“All the theory needed for loudspeaker, earphone, and microphone design.”

CRC Press (Taylor & Francis Group) 2013, 596 pages, hard cover, ISBN 978-1-4398-3618-7

Reviewed By David Lloyd Klepper ddaveklepper1@gmail.com

Mendel Kleiner, emeritus professor at Sweden’s Chalmers University, reminds me of Frank Julian Sprague, who developed the multiple unit control for the front railway car to control the motors in many following railway cars, essential for all of today’s subway trains and other rail applications, even diesel locomotives. After developing a patentable electro-pneumatic control for Westinghouse, first applied to Chicago’s South Side elevated in 1899, he then invented a competitive purely electromagnetic control for General Electric, and one that was compatible in circuits at the couplers with the earlier system!

So, hard on the heels of Professor Kleiner’s third edition Acoustics and Audio Technology, for J. Ross Publishers, favorably reviewed in the June 2013 issue of Sound & Communications, we have another excellent book for a different publisher!

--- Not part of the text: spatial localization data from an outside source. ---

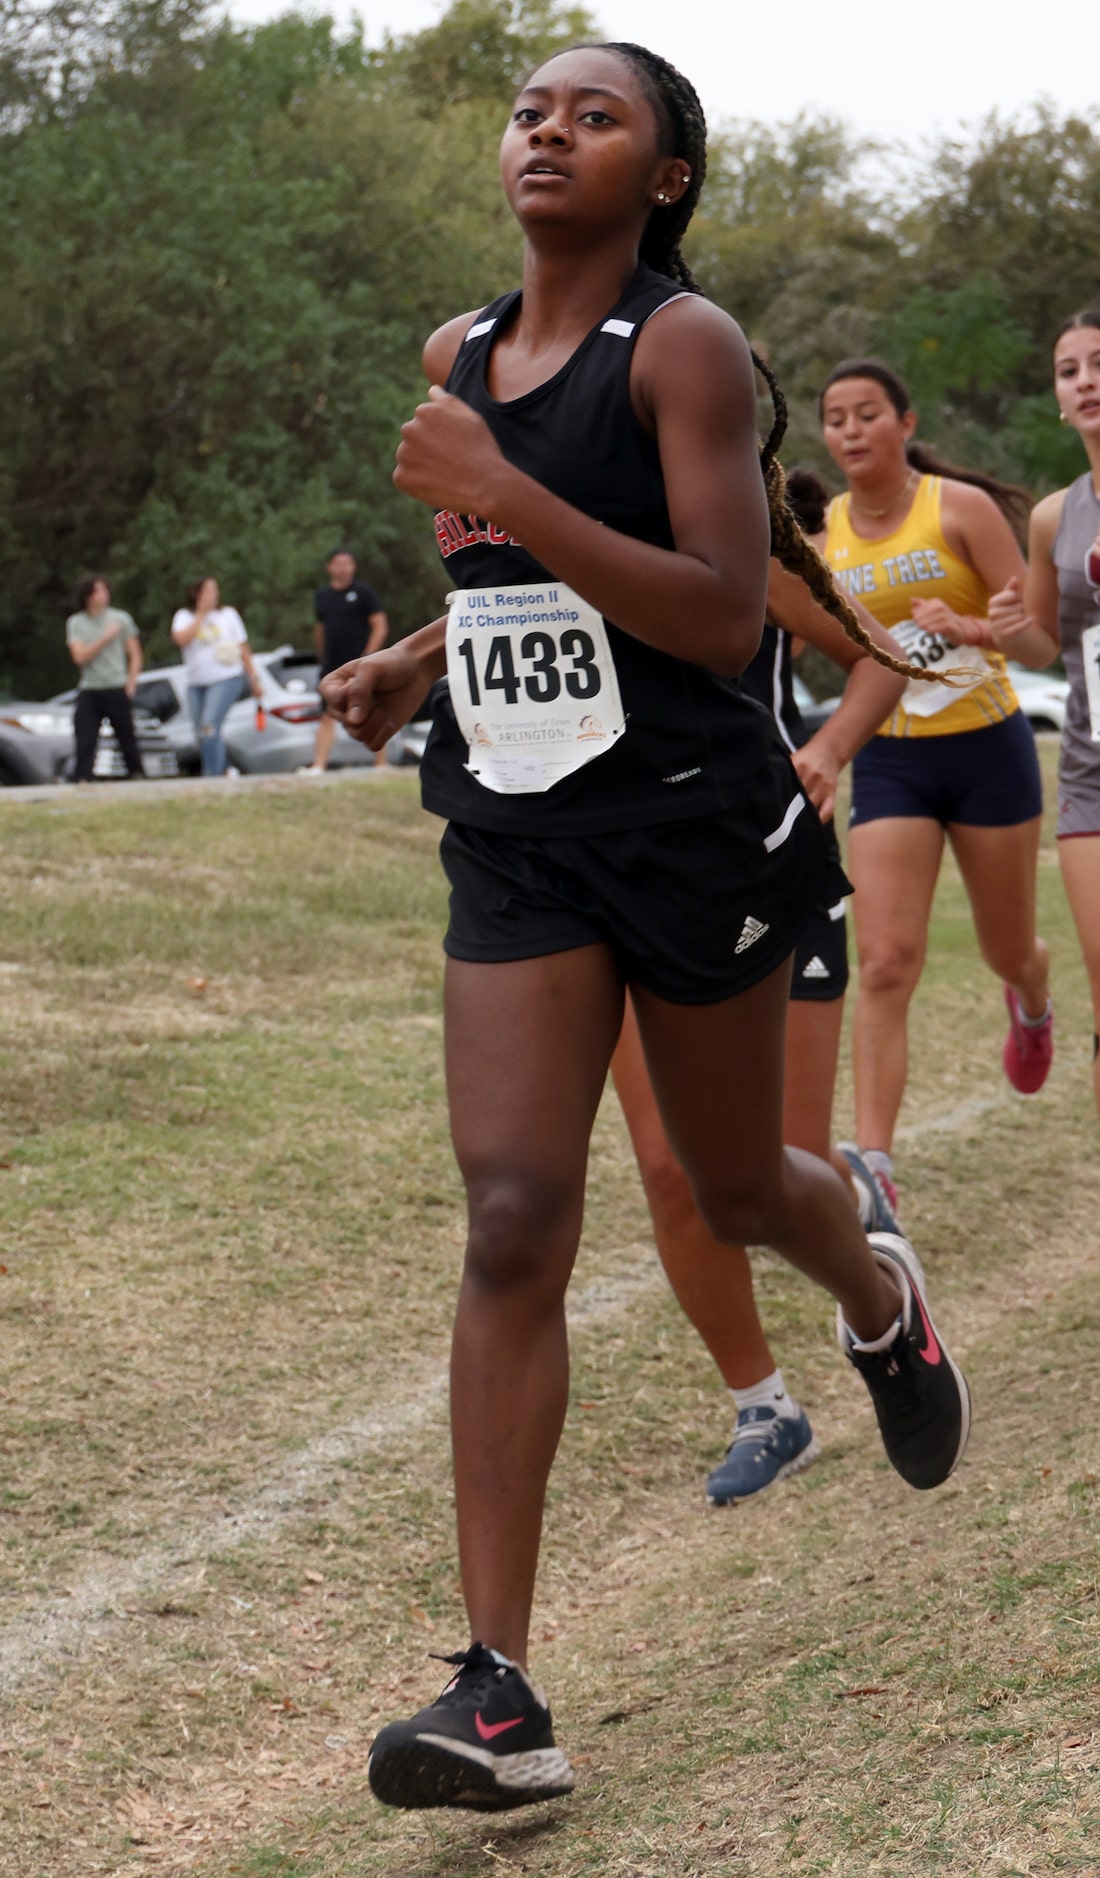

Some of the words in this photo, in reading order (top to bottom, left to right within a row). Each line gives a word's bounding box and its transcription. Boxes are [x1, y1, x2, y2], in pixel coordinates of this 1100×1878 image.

[433, 509, 522, 558] HILLC
[834, 563, 877, 595] INE
[882, 549, 947, 587] TREE
[467, 595, 491, 608] UIL
[495, 591, 545, 607] Region
[549, 590, 559, 603] II
[458, 615, 473, 628] XC
[476, 608, 580, 627] Championship
[458, 629, 601, 706] 1433
[498, 728, 565, 742] ARLINGTON

Chapter 3, “Sound and its Properties,” appears to be a reworking of the excellent Chapter 1, “Sound,” of the J. Ross book. Some sentences, a few whole paragraphs, and some figures (not really new to either book) are identical. And both books are intended to serve well as both reference and college course textbooks, with problems for students to solve at the end of most chapters. Both books give a rigorous education in basic acoustics, but they differ in emphasis afterward.   The earlier book appears aimed more for engineers interested in applying equipment to all kinds of listening and recording venues, while this new book is for the transducer designer and manufacturer, containing all the theory needed for loudspeaker, earphone, and microphone design. Piezoelectric transducers are missing from the earlier book, but included in the new one. But listening tests are included in the earlier book and missing from the new one. Designers of contact vibration pickups and equipment used in telephone, fire alarm, security, and acoustical measurement systems will appreciate the thorough treatment of these items in the new book.

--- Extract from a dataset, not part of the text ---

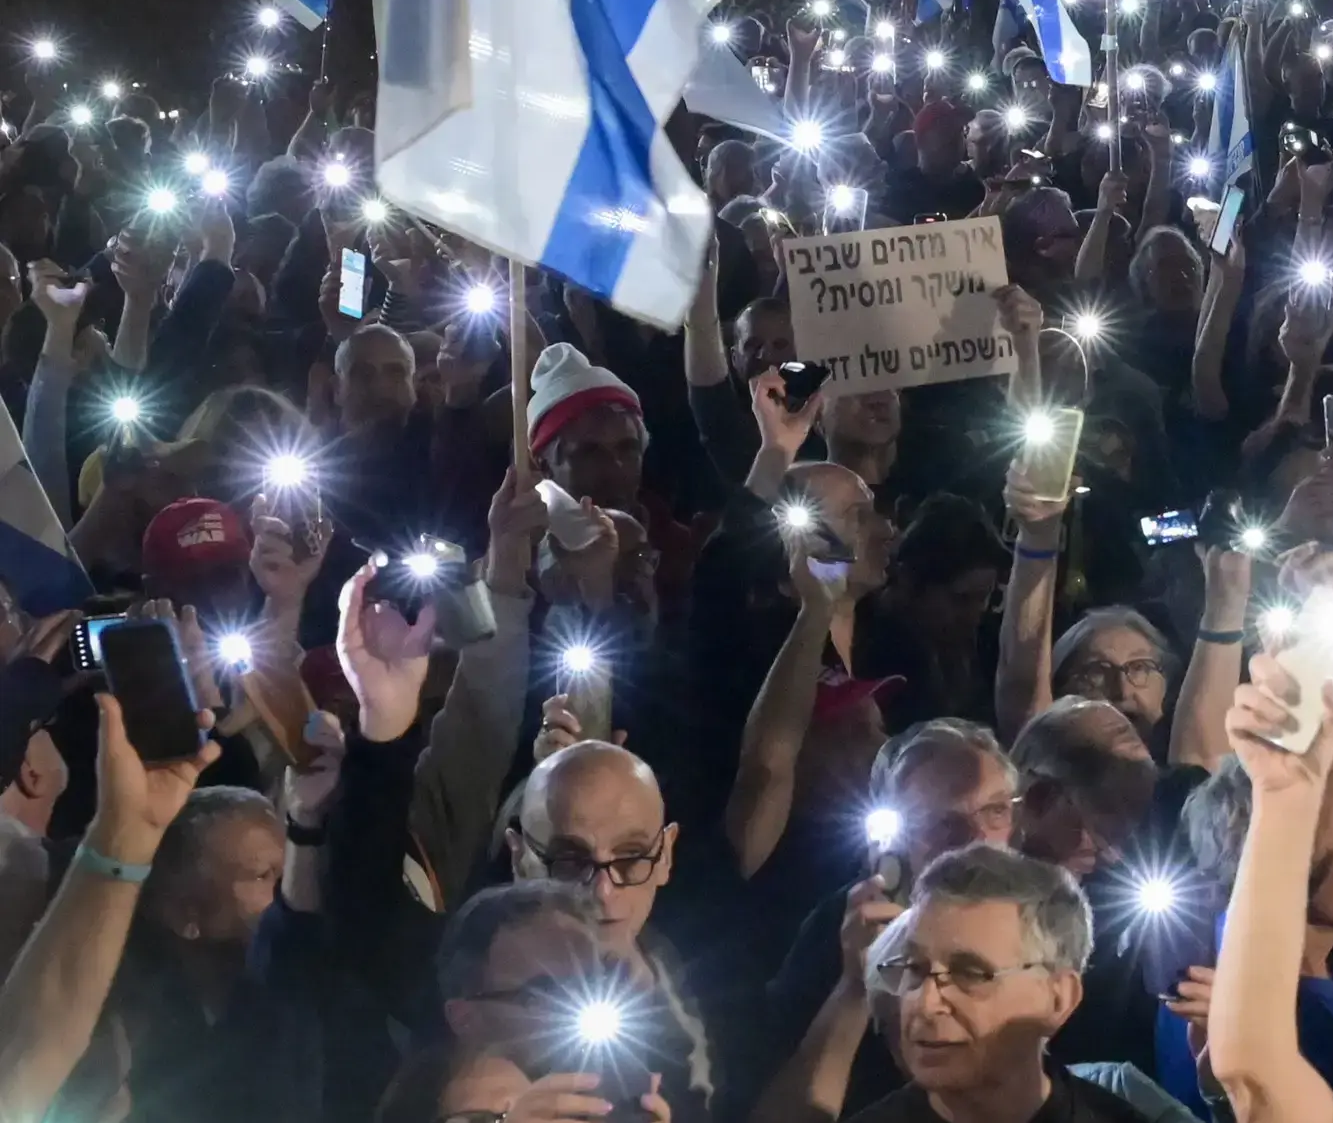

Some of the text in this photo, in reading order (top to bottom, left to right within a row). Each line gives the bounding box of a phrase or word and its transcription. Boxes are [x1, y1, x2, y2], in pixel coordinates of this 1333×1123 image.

[788, 225, 998, 274] איך מזהים שביבי
[810, 270, 986, 314] משקר ומסית?
[859, 344, 900, 378] שלו
[909, 334, 1014, 371] השפתיים

Most integrators/contractors will be happy with the earlier book, but those who modify or custom-design equipment for specific situations will want this book as well. (Similarly, a manufacturer who provides advice to installers may want both books.) Typical contractor modifications might be “doping” the surround of a cone woofer loudspeaker to lower its resonant frequency (being careful not to lower power-handling capacity too much) or designing a Klipsch-style low-frequency corner horn enclosure with the Klipsch design modified for the specific loudspeaker and specific room. Or designing a specific low-frequency loudspeaker enclosure after thoroughly investigating the trade-offs, advantages and disadvantages of various types.

Again, a good understanding of basic engineering physics and mathematics is essential to obtain maximum use of this book, as for the earlier one. But electrical engineering mastering can then be obtained by an included appendix, a short course not included in the earlier book, and this is also true of magnetism and the properties of magnetic materials. Requirements for equalizer design, compensation of loudspeaker characteristics and/or room characteristics are covered in greater detail in this book, but it does stop short of electronic equipment design. Added is the concept and application of feedback control of loudspeaker non-linearity.

In a future second edition, I would like to see included a thorough discussion of electrostatic or capacitive loudspeakers.   If the Chalmers University research budget could afford the high purchase price of the modern version of the forty-year-old Jantzen-KLH full-range electrostatic loudspeaker from the present firm headed by the late Arthur Jantzen’s son, David, Professor Kleiner would have a new standard to judge the quality of all other loudspeaker types. Large-area electrostatic loudspeakers minimize some of the material-bending problems well described in both books, and can have distortion characteristics more approaching those of fine amplifiers, almost un-measurable until close to rated power-handling. Also, I would like a more detailed and thorough mathematical treatment of horn loudspeaker directivity, going beyond that of in Harry F, Olson’s Acoustical Engineering, with particular detailed discussion of the radial and sectoral types, most frequently in use today. Other than a mention and a good reference, there is no discussion of the mathematics of designing constant-coverage horns, such as the Altec Mantaray, nor any discussion at all of skewed-coverage horns, such as the Altec VIR and VIT and the Harman-JBL 4660, which I and others found useful.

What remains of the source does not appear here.